_Data for analysis:_

-- Opening Marker --

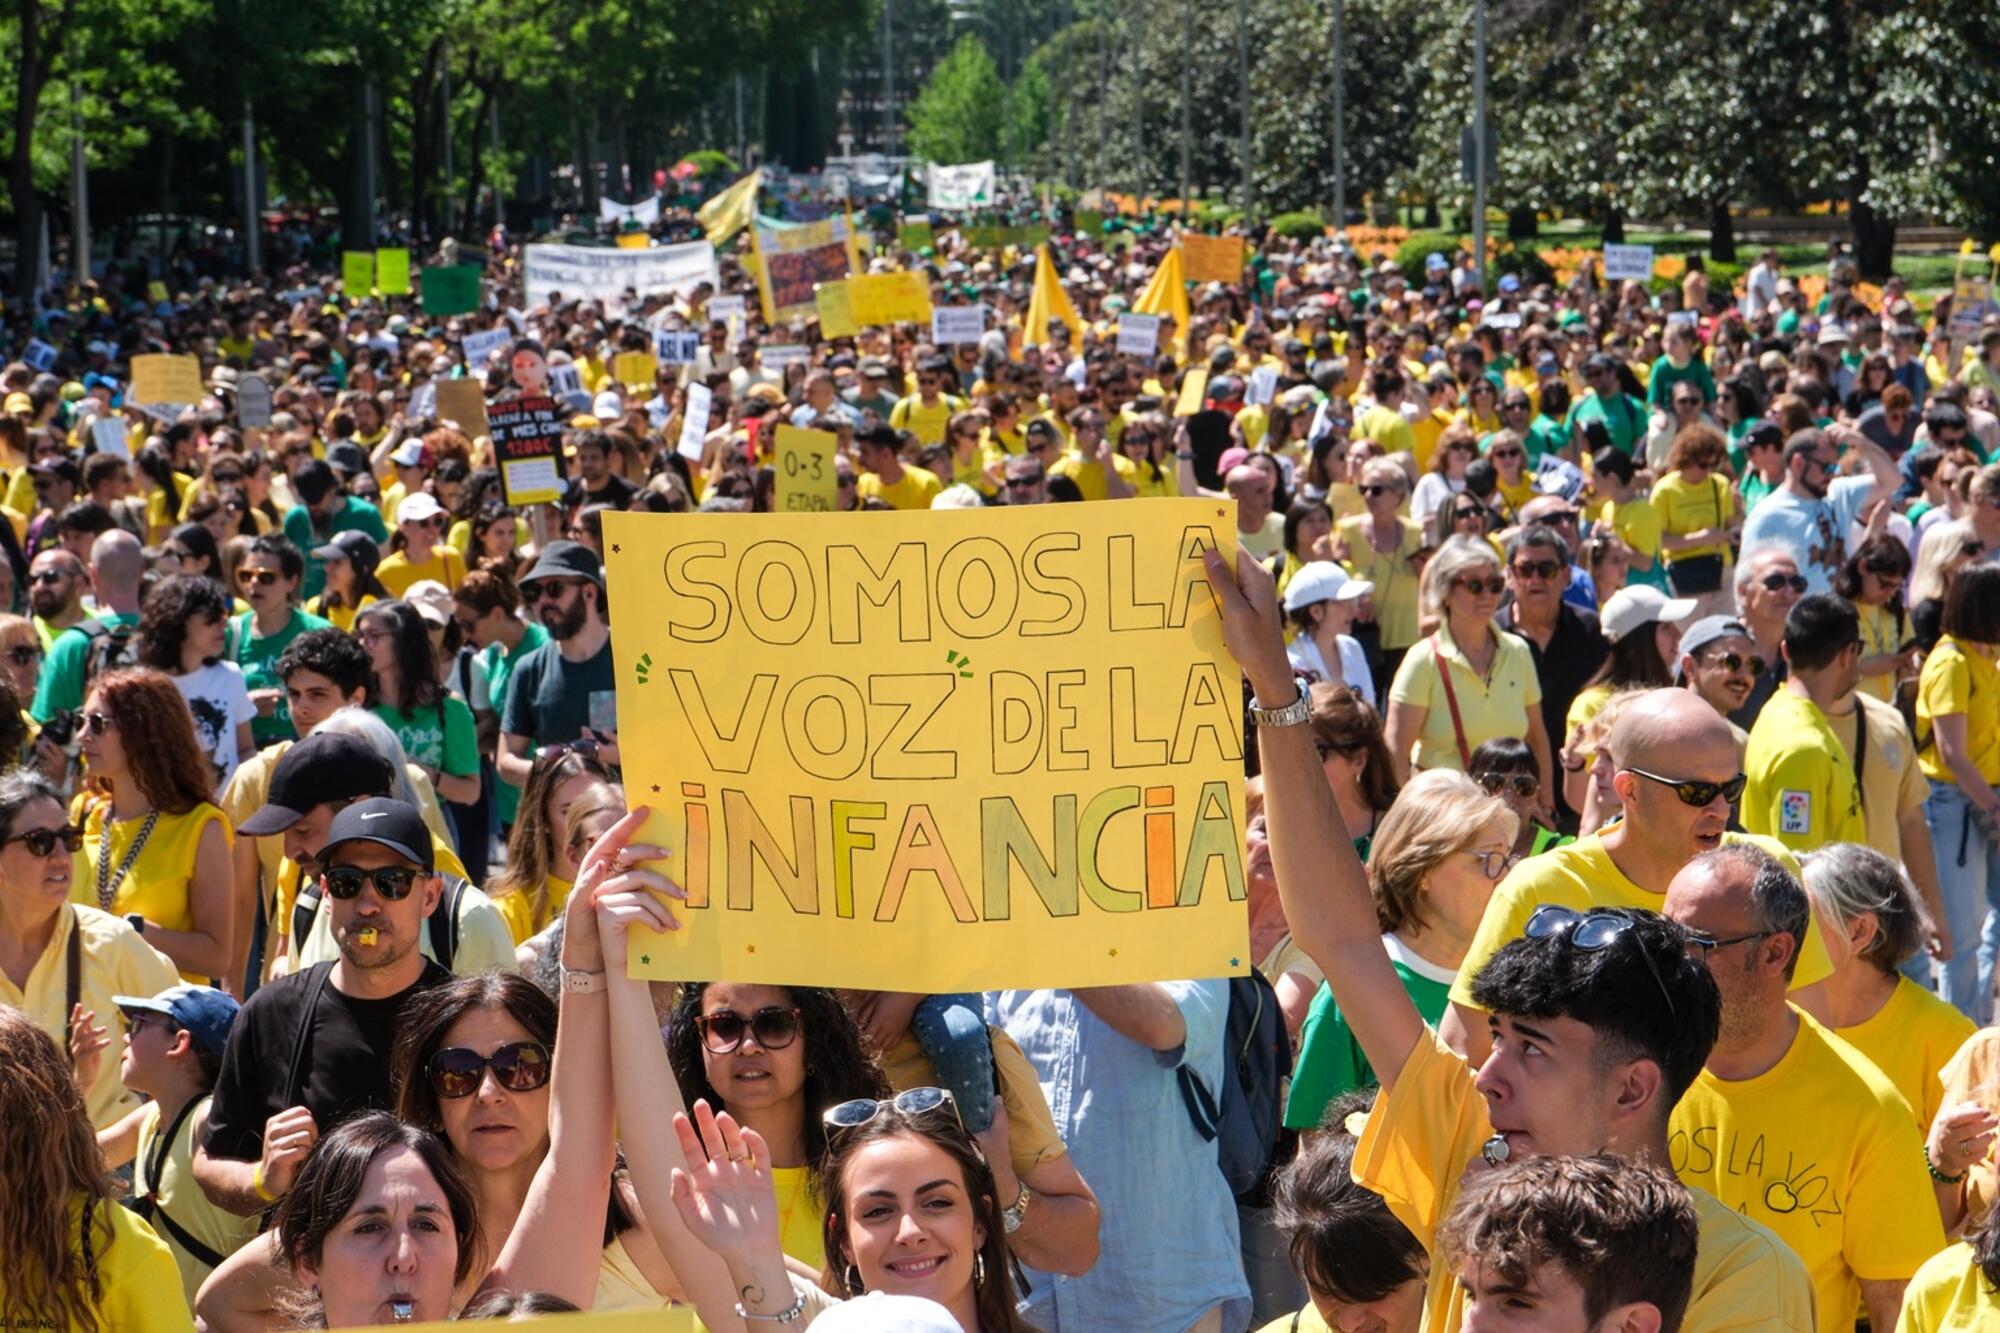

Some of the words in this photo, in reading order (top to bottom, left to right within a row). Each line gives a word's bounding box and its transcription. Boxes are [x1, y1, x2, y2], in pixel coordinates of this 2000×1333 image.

[512, 423, 539, 438] MES
[663, 531, 1087, 645] SOMOS
[1107, 525, 1224, 632] LA
[668, 668, 958, 781] VOZ
[990, 668, 1090, 775] DE
[1110, 662, 1245, 769] LA
[1786, 821, 1802, 830] LFP
[1727, 1129, 1765, 1178] LA

-- Closing Marker --

_Action item:_
One exact copy of the data, no pictures: write it out line for line.

_Answer to this task:_
Some of the words in this photo, in reading order (top to bottom, left to right within a row). Each line gives a word's bounding box and its transcription. Boxes are [x1, y1, x2, y2], in pixel coordinates of this 2000×1333 image.

[512, 423, 539, 438] MES
[663, 531, 1087, 645] SOMOS
[1107, 525, 1224, 632] LA
[668, 668, 958, 781] VOZ
[990, 668, 1090, 775] DE
[1110, 662, 1245, 769] LA
[1786, 821, 1802, 830] LFP
[1727, 1129, 1765, 1178] LA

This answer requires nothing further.